Cait grabbed a map from the glove compartment with her still-shaking hands. “We’re headed for Globe. There aren’t any connecting roads up ahead. Sheriff’s deputies or highway patrol should be able to spot that SUV.”
“The dispatcher is alerting them. But with all these dirt forest roads and tracks, that SUV could hide until we go by. Once we get to Tucson, I’ll see if we can find a bullet or two rattling around in the Jeep. Send it in as evidence. Maybe it’ll match up with a slug collected from a crime scene in New Mexico.”

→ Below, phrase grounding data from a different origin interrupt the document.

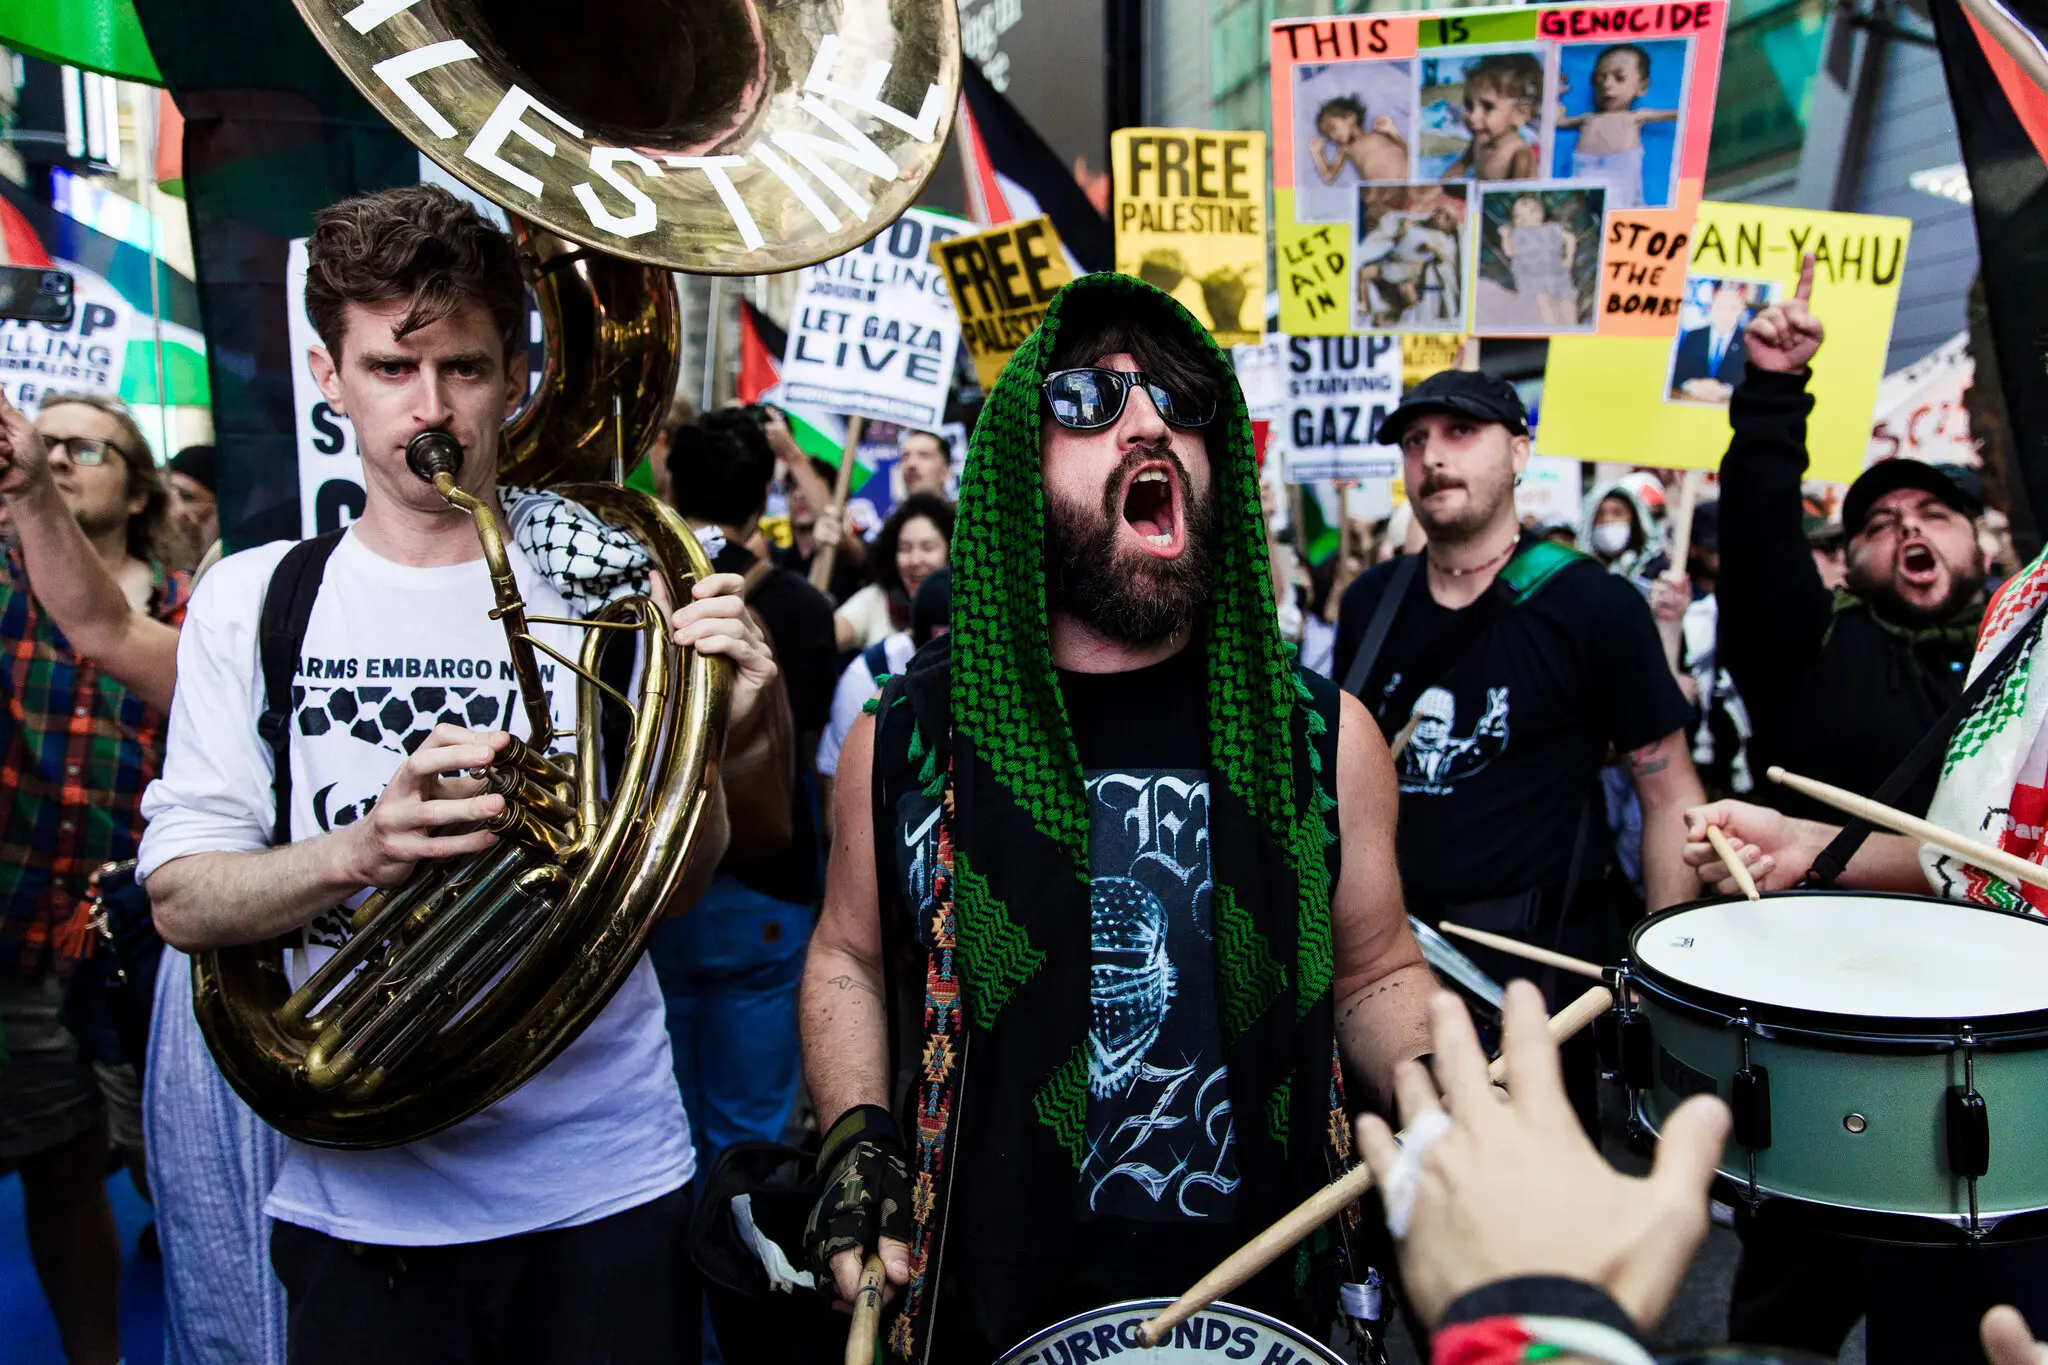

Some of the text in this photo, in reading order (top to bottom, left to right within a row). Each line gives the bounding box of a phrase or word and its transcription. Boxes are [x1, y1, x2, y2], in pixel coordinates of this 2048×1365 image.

[1274, 3, 1712, 60] THIS IS GENOCIDE
[1128, 136, 1250, 199] FREE
[1121, 202, 1259, 235] PALESTINE
[1283, 227, 1330, 265] LET
[1609, 221, 1687, 260] STOP
[942, 219, 1063, 317] FREE
[1290, 252, 1345, 297] AID
[1608, 261, 1666, 287] THE
[1305, 291, 1336, 320] IN
[801, 307, 942, 353] LET GAZA
[795, 335, 942, 385] LIVE
[1289, 336, 1391, 373] STOP
[1290, 375, 1392, 396] STARVING
[366, 658, 492, 680] EMBARGO
[500, 660, 556, 683] NW
[1020, 1316, 1259, 1365] URRONDS

They kept their eyes peeled but there was no sign of the sport utility. Near the old mining town of Globe, they turned south on U.S. 60 and then west on State Route 77. The twisty two-lane highway climbed over the forested Pinal Mountains and down-hilled to the desert alongside a rocky canyon cut by the Gila River.
Miles later, the soaring chimney of a copper smelter announced the settlement of Winkelman. They continued south through the desert, past humble homes and vacant buildings, hardscrabble towns still hanging on. Outside Tucson, the road widened to multiple lanes and traffic thickened.
Cait’s cell phone buzzed. She talked for a minute and hung up. “Chris wants us to meet him at his new digs in the park.”
“Saguaro National Park East or West?”
“East.” Cait’s mood lightened at the thought of seeing her brother again. She felt anonymous and safe in the middle of heavy Tucson traffic. There was no way the crazies in that white SUV could know where they were going.